__WHAT IS BEING ASKED__:
Can you transcribe the data exactly? Leave the pictures out.

Referring expression grounding data:
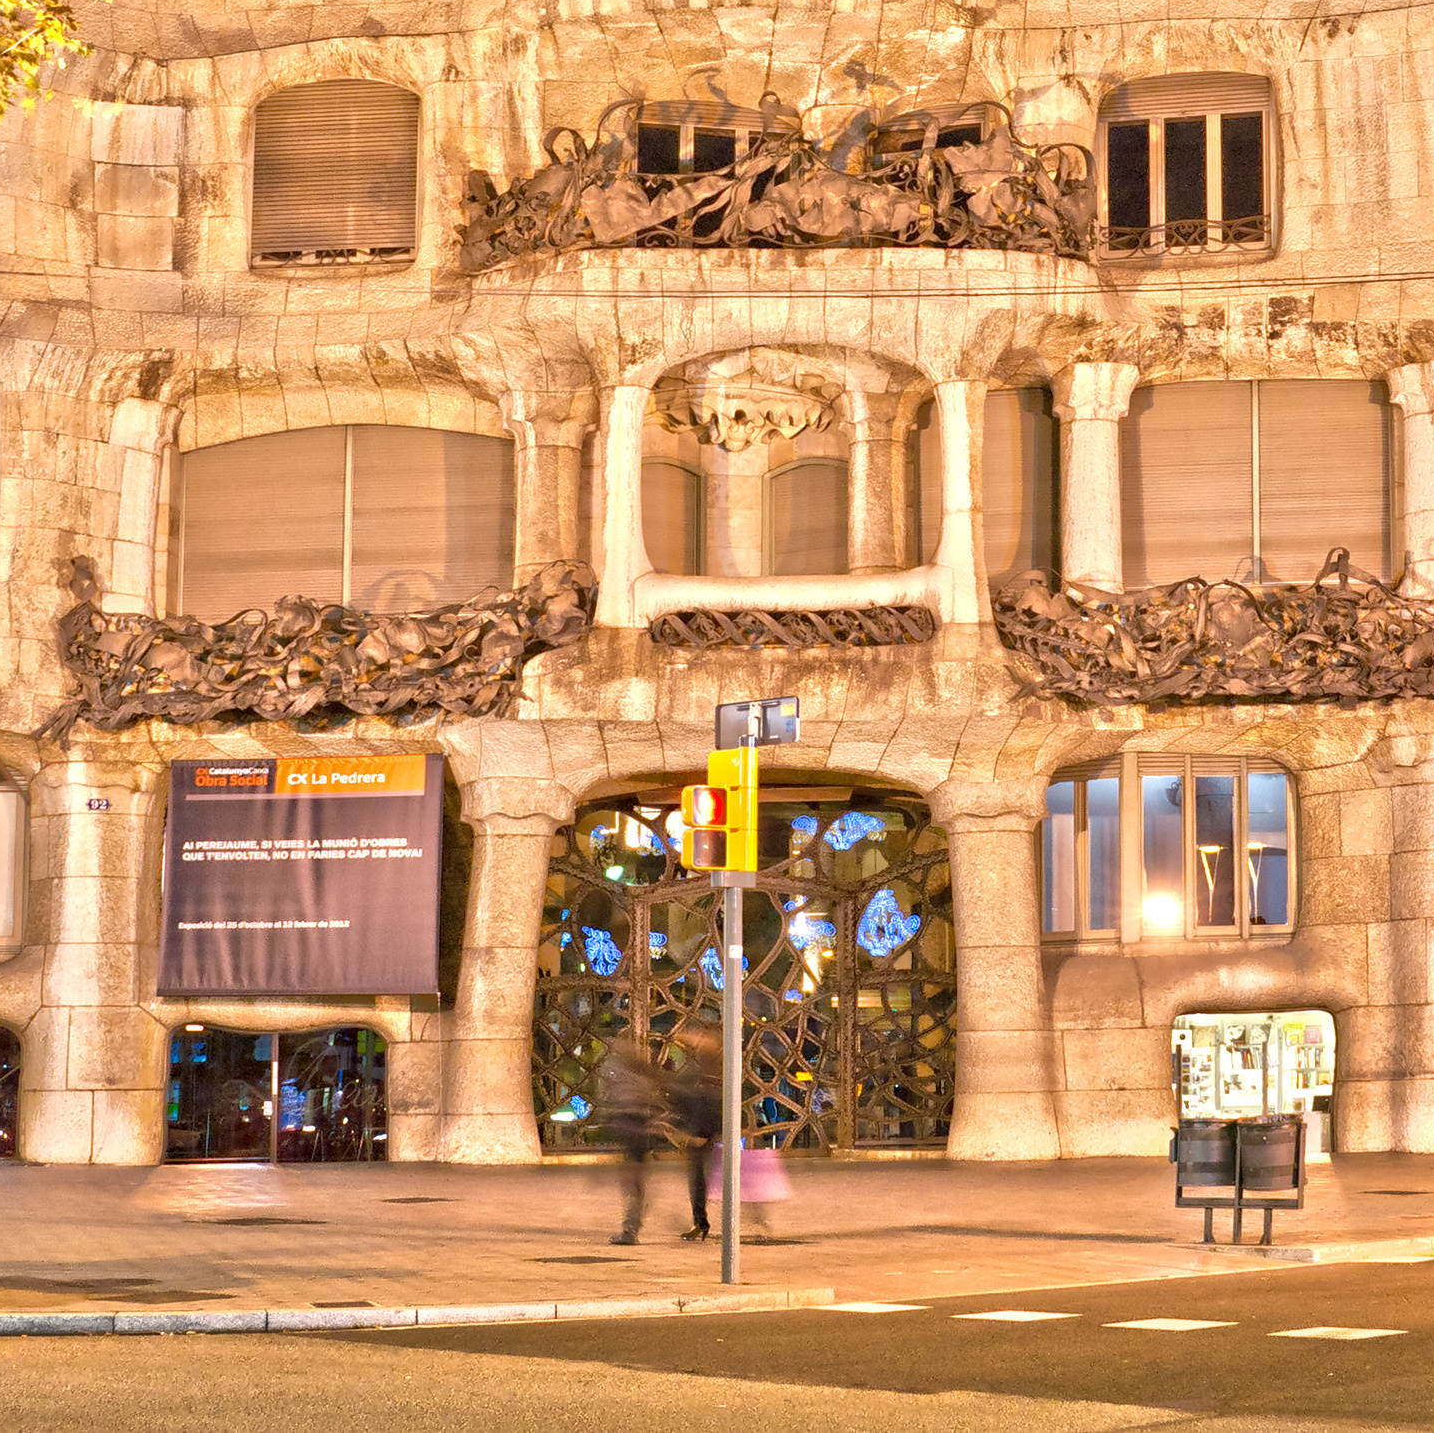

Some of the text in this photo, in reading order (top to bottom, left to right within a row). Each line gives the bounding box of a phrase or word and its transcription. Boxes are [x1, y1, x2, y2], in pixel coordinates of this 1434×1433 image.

[209, 767, 269, 776] CatalunyaCaixa
[195, 774, 268, 787] Obra Social
[287, 772, 386, 785] CX La Pedrera
[91, 799, 107, 810] 92
[183, 837, 407, 850] AI PEREJAUME, SI VEIES LA MUNIÓ D'OBRES
[182, 848, 423, 861] QUE T'ENVOLTEN, NO EN FARIES CAP DE NOVA!
[178, 921, 213, 930] Exposició
[213, 921, 226, 929] del
[227, 921, 238, 929] 25
[238, 921, 273, 929] d'octubre
[282, 920, 293, 928] 12
[317, 920, 328, 928] de
[328, 920, 350, 928] 2012

__SOLVED EXERCISE__:
Some of the text in this photo, in reading order (top to bottom, left to right within a row). Each line gives the bounding box of a phrase or word and its transcription. Boxes are [x1, y1, x2, y2], in pixel coordinates of this 1434×1433 image.

[209, 767, 269, 776] CatalunyaCaixa
[195, 774, 268, 787] Obra Social
[287, 772, 386, 785] CX La Pedrera
[91, 799, 107, 810] 92
[183, 837, 407, 850] AI PEREJAUME, SI VEIES LA MUNIÓ D'OBRES
[182, 848, 423, 861] QUE T'ENVOLTEN, NO EN FARIES CAP DE NOVA!
[178, 921, 213, 930] Exposició
[213, 921, 226, 929] del
[227, 921, 238, 929] 25
[238, 921, 273, 929] d'octubre
[282, 920, 293, 928] 12
[317, 920, 328, 928] de
[328, 920, 350, 928] 2012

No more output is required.